Yesterday we talked about the combination of Azure+S2D+SOFS+MSSQL. Here we had a cluster where each node had two P20 disks. What if at a given point we would need more than 1TB of disk space? We’ll be extending the pool (and virtual disk etc). So let’s take a look what that would look like?
Adding the disks
First part… Let’s add the disks (note : even entire hosts is possible!). Browse to both VMs and press “attach new” in the disks section ;
Here we’ll be adding another P20 disk (512GB) ;
Now let’s take a look at what happens on the system… For this I’m using show-prettypool.ps1 as mentioned in the following storage spaces direct deep dive.
So we started off with two P20 disks per node. Now let’s see what happens if we add another disk ;
It’s going to be … wait for it … legendary. Euhr, no, just being attached. 🙂
Now let’s run the script / commands again ;
We can see that the disks were added to each node AND that the disks were already imported into the storage pool.
This is done automatically, UNLESS that there are multiple pools. Then you need to add the disk to the pool yourself.
So we have a virtual disk on our storage pool with a given volume inside it. Let’s get to work… First of all, we’ll put the clustered shared volume into maintenance mode.
And then we’ll do an “Optimize-StoragePool”. This will re-organize/optimize the storage pool and spread the data across all disks. (Source : the image below was taken from the storage deep dive article)
So while that is busy (and it will take a while), let’s look at the pool from our cluster manager view. Here we can see that the pool is showing the 3TB (raw) and that 2TB (raw) has been used.
We can also see that the system is in maintenance mode. So if you are allergic to powershell (huh? why…), then you can use this GUI option too; to enable/disable maintenance mode on the resource.
… fast forward in time …
Now we see that the optimize of our storage pool has finished. The data has been spread across all disks. Though we haven’t been using our 1,5TB efficiently yet. So now we’ll be extending the virtual disk…

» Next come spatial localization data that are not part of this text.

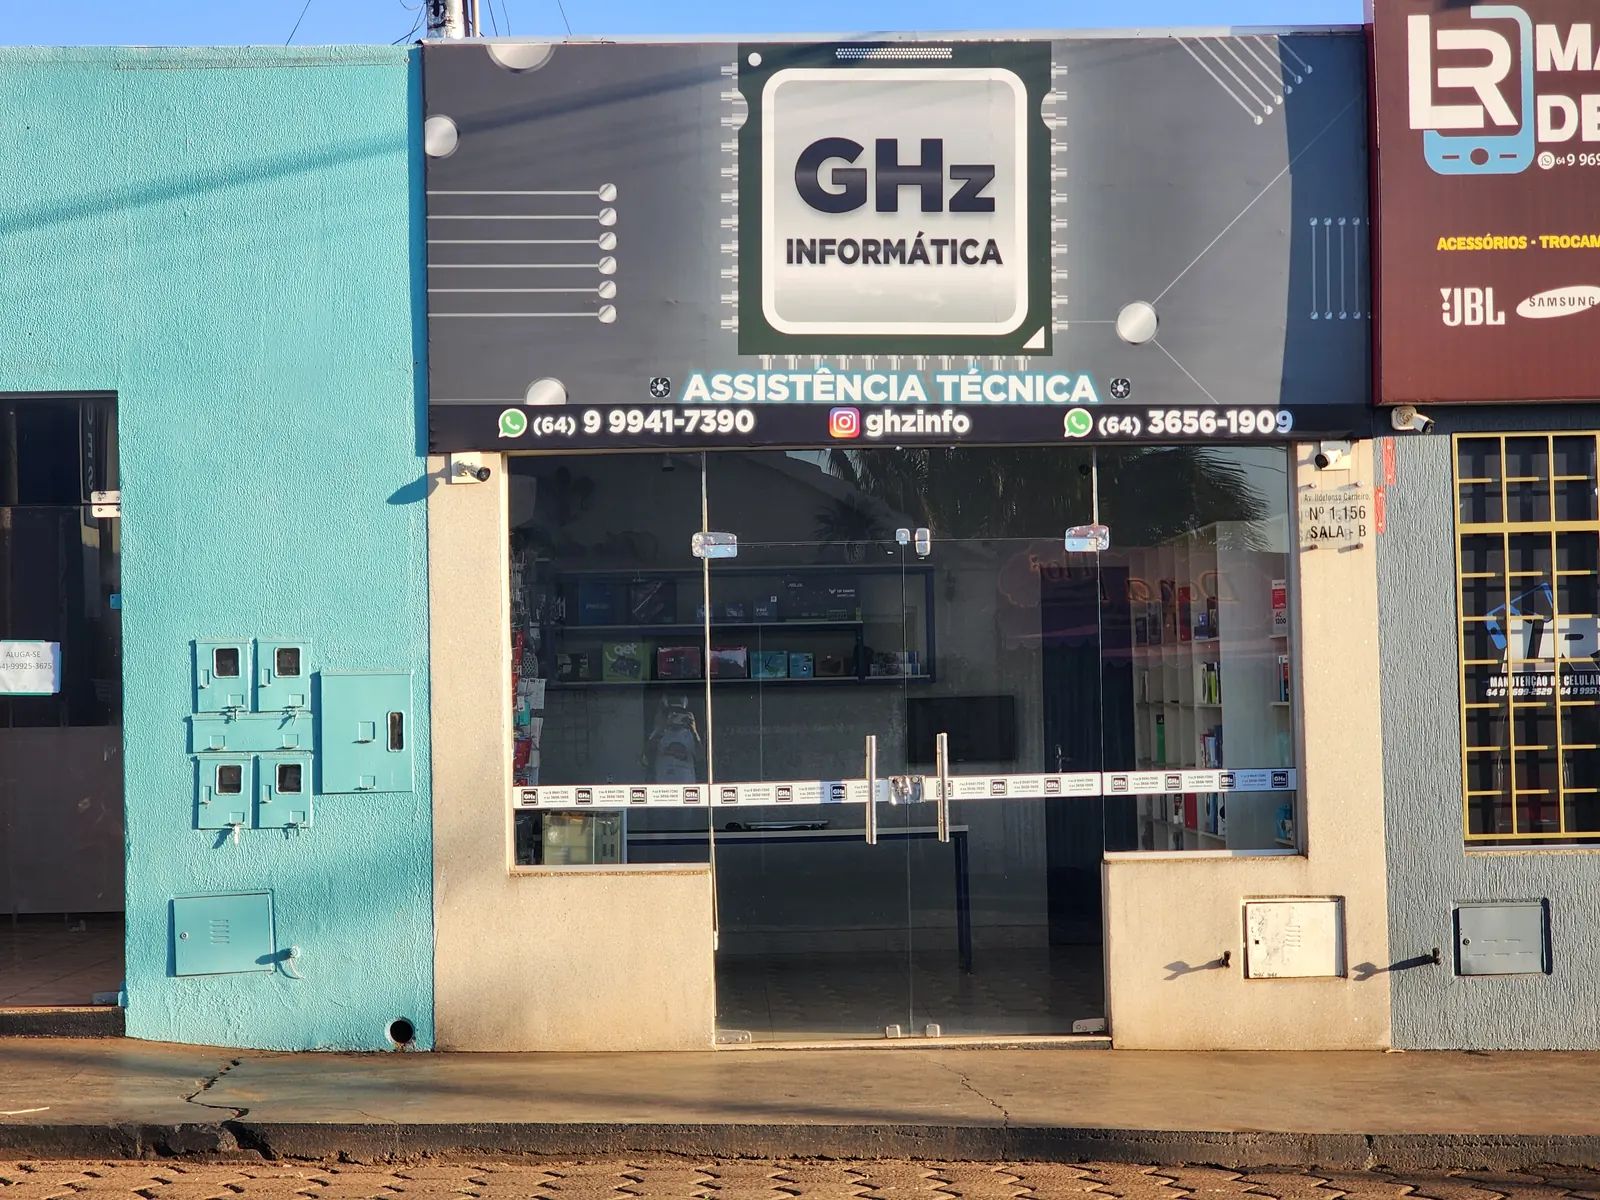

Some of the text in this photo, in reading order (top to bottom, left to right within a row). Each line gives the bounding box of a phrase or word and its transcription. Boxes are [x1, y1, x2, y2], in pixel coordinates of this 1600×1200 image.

[1535, 23, 1600, 72] M
[1408, 14, 1519, 129] LR
[1556, 156, 1566, 165] 64
[1566, 153, 1576, 167] 9
[794, 136, 996, 214] GHz
[786, 231, 1004, 265] INFORMÁTICA
[1437, 233, 1528, 250] ACESSÓRIOS
[1440, 287, 1596, 326] JBL SAMSUNG
[682, 363, 1099, 402] ASSISTÊNCIA TÉCNICA
[533, 409, 755, 436] (64) 9 9941-7390
[865, 409, 971, 437] ghzinfo
[1099, 409, 1294, 437] (64) 3656-1909
[1315, 493, 1342, 503] Ildefonso
[1329, 505, 1367, 520] 1.156
[1310, 525, 1345, 539] SALA
[1358, 524, 1367, 538] B
[0, 661, 52, 671] 4)-99925-3675
[5, 650, 41, 658] ALUGA-SE
[1550, 674, 1561, 687] D

And after the resize, we can see that we’re nearing the full utilization. It seems I was a bit too cautious, and I still had about 62,5GB to hand out.
Now for the next step, we’ll also need to extend the partition ;
So in the end, we did the following ;
(Source : Extending volumes in Storage Spaces Direct)
And to finish it, let’s get our cluster shared volume out of maintenance mode ;
- Adding disks & nodes is surprisingly (?) easy in storage spaces direct.
- Extending the SQL cluster went like a breeze. Though it implied a downtime of the system to be sure we did not lose any data.
2 thoughts on “Extending a Storage Spaces Direct pool on Azure”
I just came across this and the previous article these articles, finding them really useful as we start our own SQL migration to the cloud. Have you ever thought about following them up with how you can automate the creation of these systems in azure with terraform and PowerShell DSC ?
By now, I see more value in first party cloud services to do this job. There is no business value in managing that piece yourself imho. Where you can then leverage Terraform to roll out a SQL DB/Pool/ManagedInstance (for example). Without the hassle of having to manage the entire operational aspect yourself.